The Centre on Thursday appealed to the Supreme Court not to intervene and give more relief to borrowers as the government was already dealing with it, reported Bar and Bench. The court is hearing pleas against the Reserve Bank of India’s decision to charge interest on term loans during the moratorium period announced due to the impact of the coronavirus pandemic.

Solicitor General Tushar Mehta told the court that several relief packages and schemes had been worked out with experts and that the court’s intervention in fiscal policy matters would be unnecessary.

“Pandemic-related relief has been extended via Atmanirbhar scheme and sector specific pandemic related relief has already been provided by [the] government,” Mehta told the court of Justices Ashok Bhushan, Subhash Reddy and MR Shah said, according to Live Law. “Rs 90,800 sanction for power distribution companies to pay their outstanding dues already made among other things.”
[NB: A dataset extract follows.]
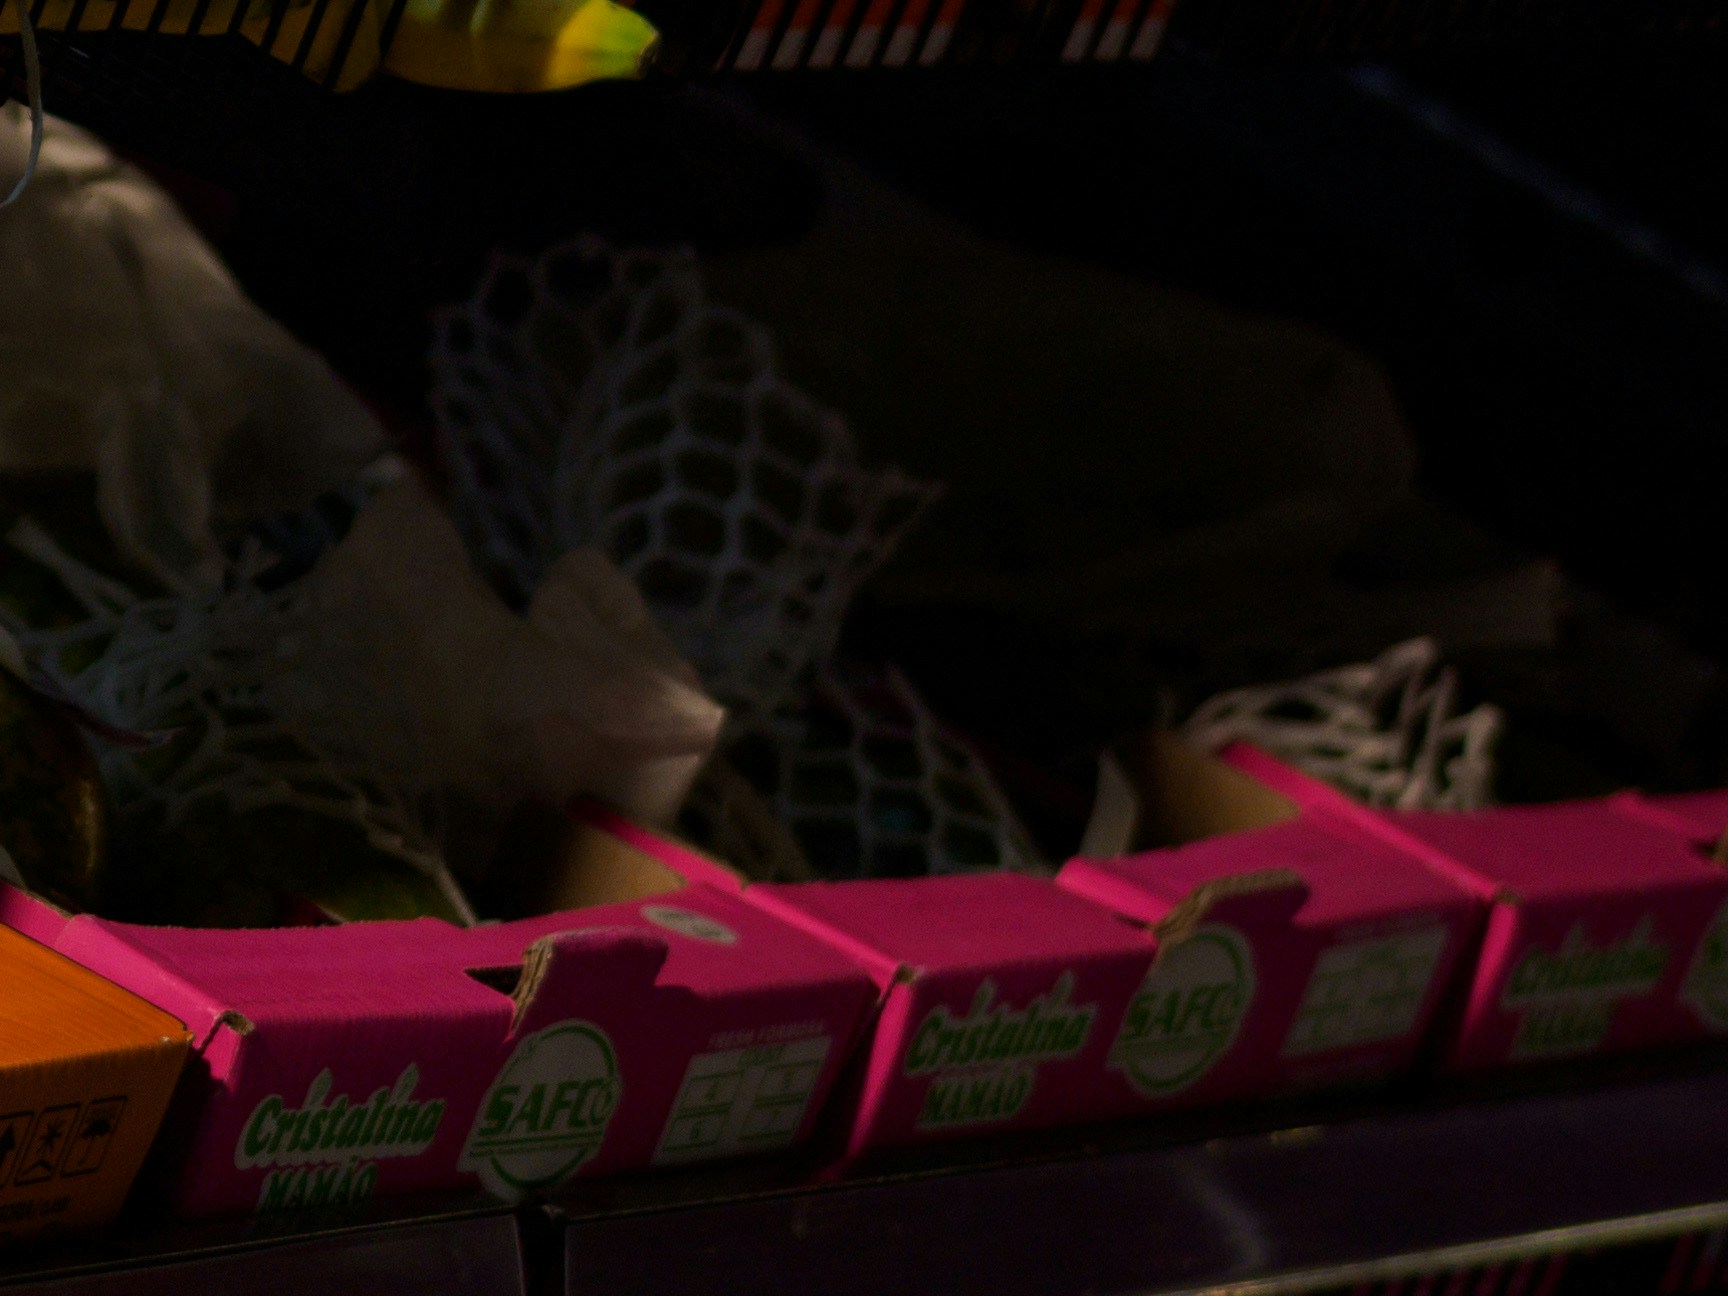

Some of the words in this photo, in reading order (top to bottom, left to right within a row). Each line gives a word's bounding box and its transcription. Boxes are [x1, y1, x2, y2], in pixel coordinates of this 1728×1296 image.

Mehta also told the court that nearly every sector that had been affected by Covid-19 had been identified. So the submission that there has not been any careful consideration while providing relief was incorrect, he said. “I want to satisfy my Lords’ conscience that whatever the DMA and Central government could do, it has done and there has been application of mind,” the solicitor general added.

Mehta also highlighted that the Kamath Committee had streamlined loan restructuring for those who borrowed a significant amount, and the accounts with lending exposure of under Rs 1,500 crores were covered by the RBI circular. The solicitor general said that this was an instruction imposed upon the banks.
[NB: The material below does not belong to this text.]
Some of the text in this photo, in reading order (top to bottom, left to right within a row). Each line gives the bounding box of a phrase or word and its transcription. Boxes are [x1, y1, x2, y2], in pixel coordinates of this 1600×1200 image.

Meanwhile, senior counsel Abhishek Manu Singhvi, appearing for the Power Producers Association, told the Supreme Court that extraordinary situation demanded an intervention under Article 32 (remedies for enforcement of rights conferred) of the Constitution.

The Supreme Court asked the petitioner to put forward suggestions to the RBI and sought the central bank’s reply. The bench then proceeded to dispose of the petitions where petitioners were satisfied with the waiver of compound interest. The hearing in the remaining matters will be taken up next week.

On October 14, the top court refused to allow the Centre a month’s time to implement the interest waiver on loans of up to Rs 2 crore. It directed that the execution of waiver should be done by November 2. The government claimed that the deadline for providing relief to borrowers was November 15.

The Centre had submitted an affidavit to the court on October 9, in which it said that it was not possible to provide more relief to different sectors affected by the coronavirus crisis. The Centre had even then said that “courts should not interfere in fiscal policy”. The Reserve Bank of India had also told the Supreme Court that it was not possible to extend the moratorium beyond six months.

In August, the Centre said the loan moratorium scheme can be extended by a period of two years after the top court had criticised the Centre for “hiding behind the RBI” without making its stand clear on the loan moratorium.

On May 23, it said that banks can extend the moratorium until August 31. However, the RBI had said it would be imprudent to go for a forced waiver of interest, risking the financial viability of the banks it was mandated to regulate and putting the interests of the depositors in jeopardy.

Considering the economic impact of the lockdown imposed to fight the coronavirus crisis, the RBI had on March 27 said that banks would be allowed to grant a moratorium of three months on payment of all installments due between March 1 and May 31.